__What is expected__. Wherever the listing holds a picture, leave it out, and copy the remainder exactly.

__Data supplied__.
-----

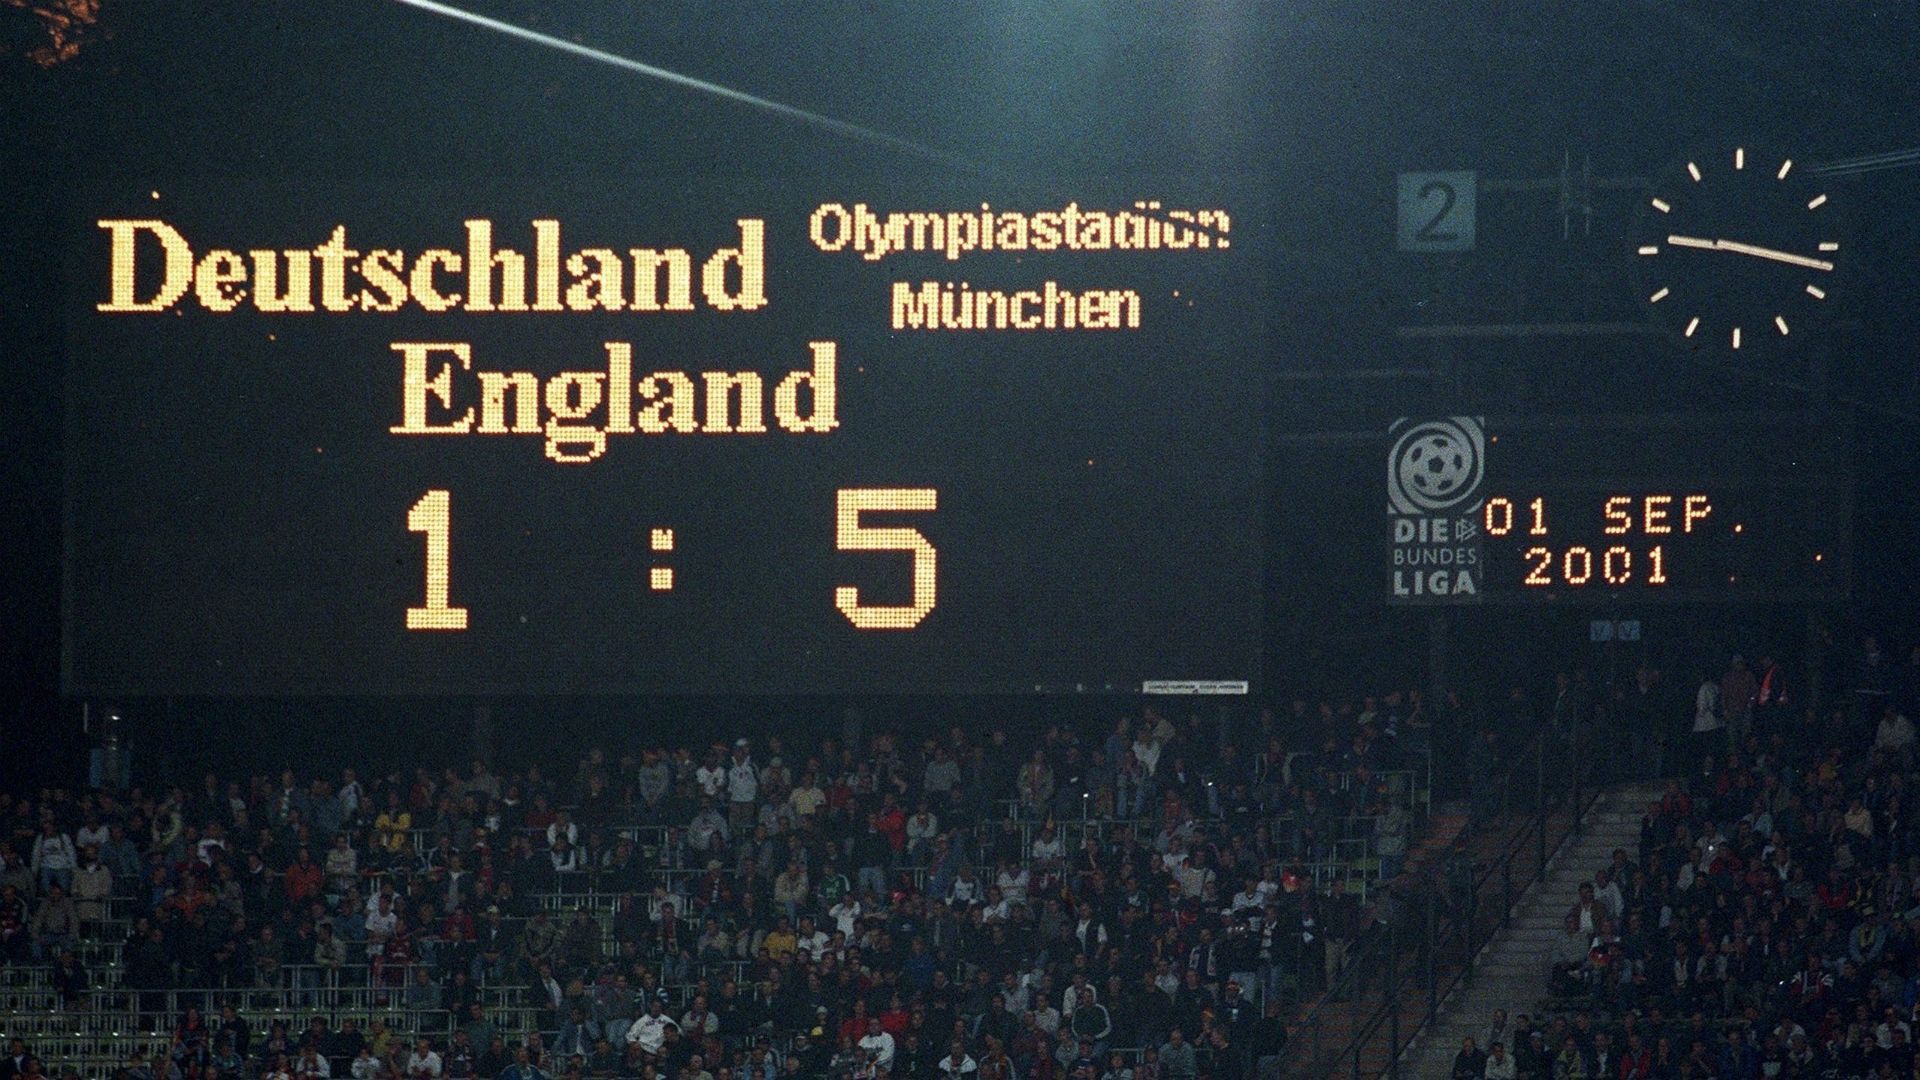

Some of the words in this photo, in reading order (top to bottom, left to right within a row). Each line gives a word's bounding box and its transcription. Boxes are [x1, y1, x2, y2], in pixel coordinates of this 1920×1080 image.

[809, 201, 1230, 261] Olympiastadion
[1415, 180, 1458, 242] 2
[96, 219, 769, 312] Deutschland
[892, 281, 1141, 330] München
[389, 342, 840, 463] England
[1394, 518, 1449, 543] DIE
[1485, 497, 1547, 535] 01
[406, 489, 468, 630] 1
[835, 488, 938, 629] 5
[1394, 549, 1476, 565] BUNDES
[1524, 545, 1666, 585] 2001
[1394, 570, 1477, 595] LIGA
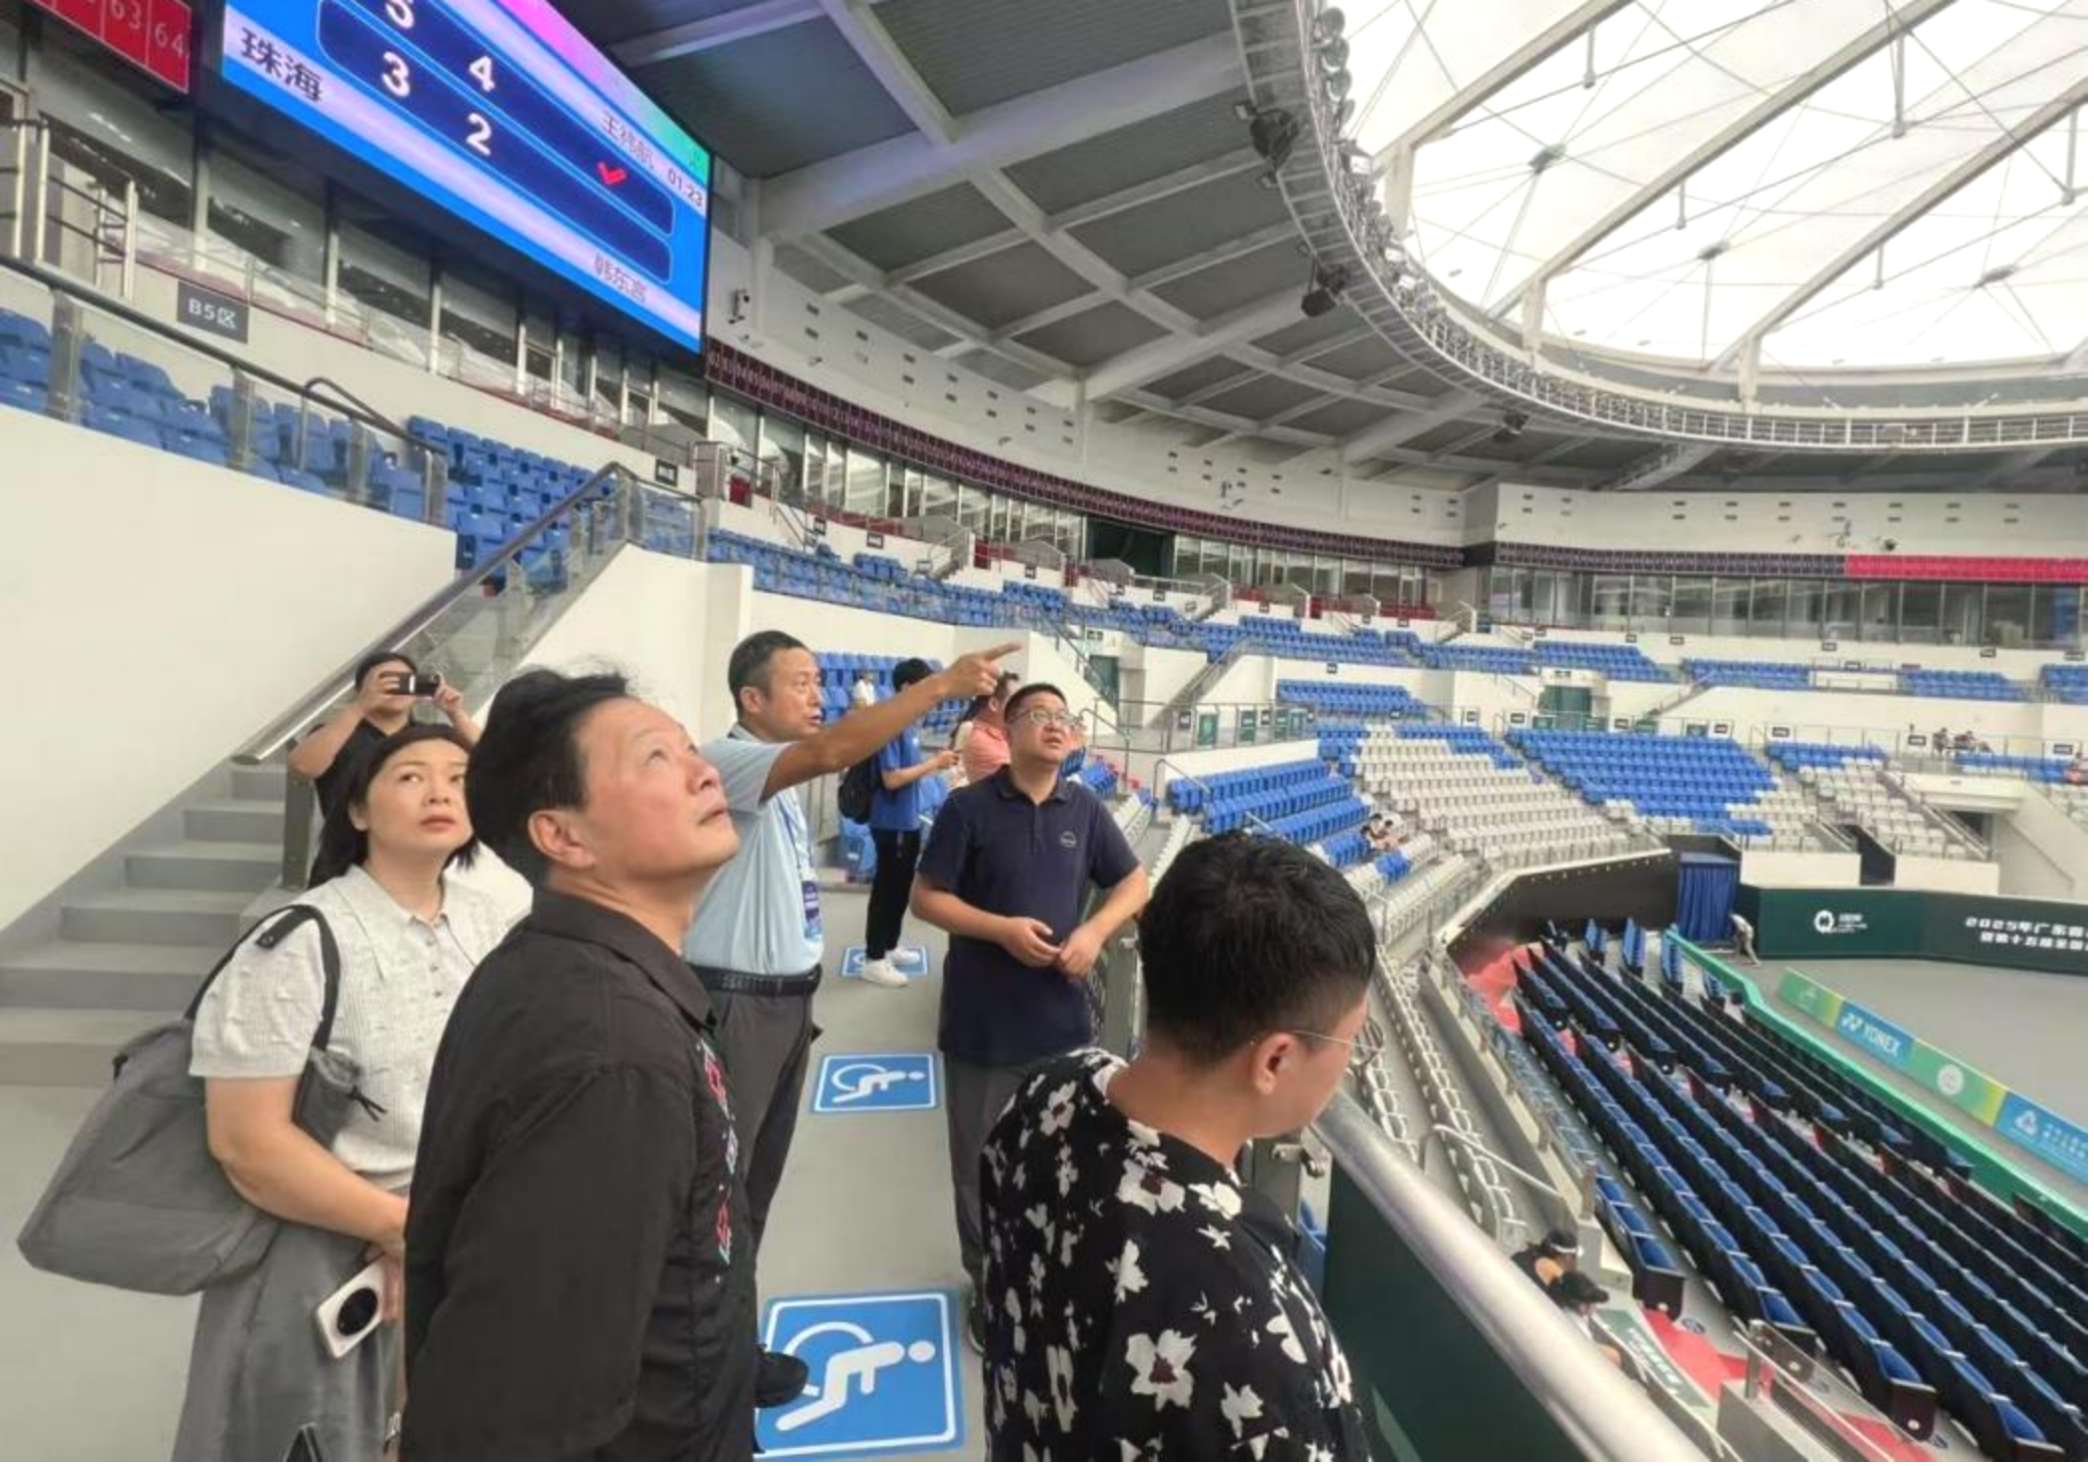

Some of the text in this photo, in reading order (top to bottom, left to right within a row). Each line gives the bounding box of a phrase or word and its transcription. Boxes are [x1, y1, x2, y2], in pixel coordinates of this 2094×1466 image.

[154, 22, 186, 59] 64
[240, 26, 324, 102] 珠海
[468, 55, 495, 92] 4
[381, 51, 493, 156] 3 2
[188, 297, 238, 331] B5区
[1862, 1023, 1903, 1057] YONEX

-----

__Answer section__.
Some of the words in this photo, in reading order (top to bottom, left to right within a row). Each line gives a word's bounding box and its transcription. Boxes are [x1, y1, x2, y2], in pixel coordinates of this 1920×1080 image.

[809, 201, 1230, 261] Olympiastadion
[1415, 180, 1458, 242] 2
[96, 219, 769, 312] Deutschland
[892, 281, 1141, 330] München
[389, 342, 840, 463] England
[1394, 518, 1449, 543] DIE
[1485, 497, 1547, 535] 01
[406, 489, 468, 630] 1
[835, 488, 938, 629] 5
[1394, 549, 1476, 565] BUNDES
[1524, 545, 1666, 585] 2001
[1394, 570, 1477, 595] LIGA

Some of the text in this photo, in reading order (top to bottom, left to right within a row). Each line gives the bounding box of a phrase or word and its transcription. Boxes are [x1, y1, x2, y2], in pixel coordinates of this 2094×1466 image.

[154, 22, 186, 59] 64
[240, 26, 324, 102] 珠海
[468, 55, 495, 92] 4
[381, 51, 493, 156] 3 2
[188, 297, 238, 331] B5区
[1862, 1023, 1903, 1057] YONEX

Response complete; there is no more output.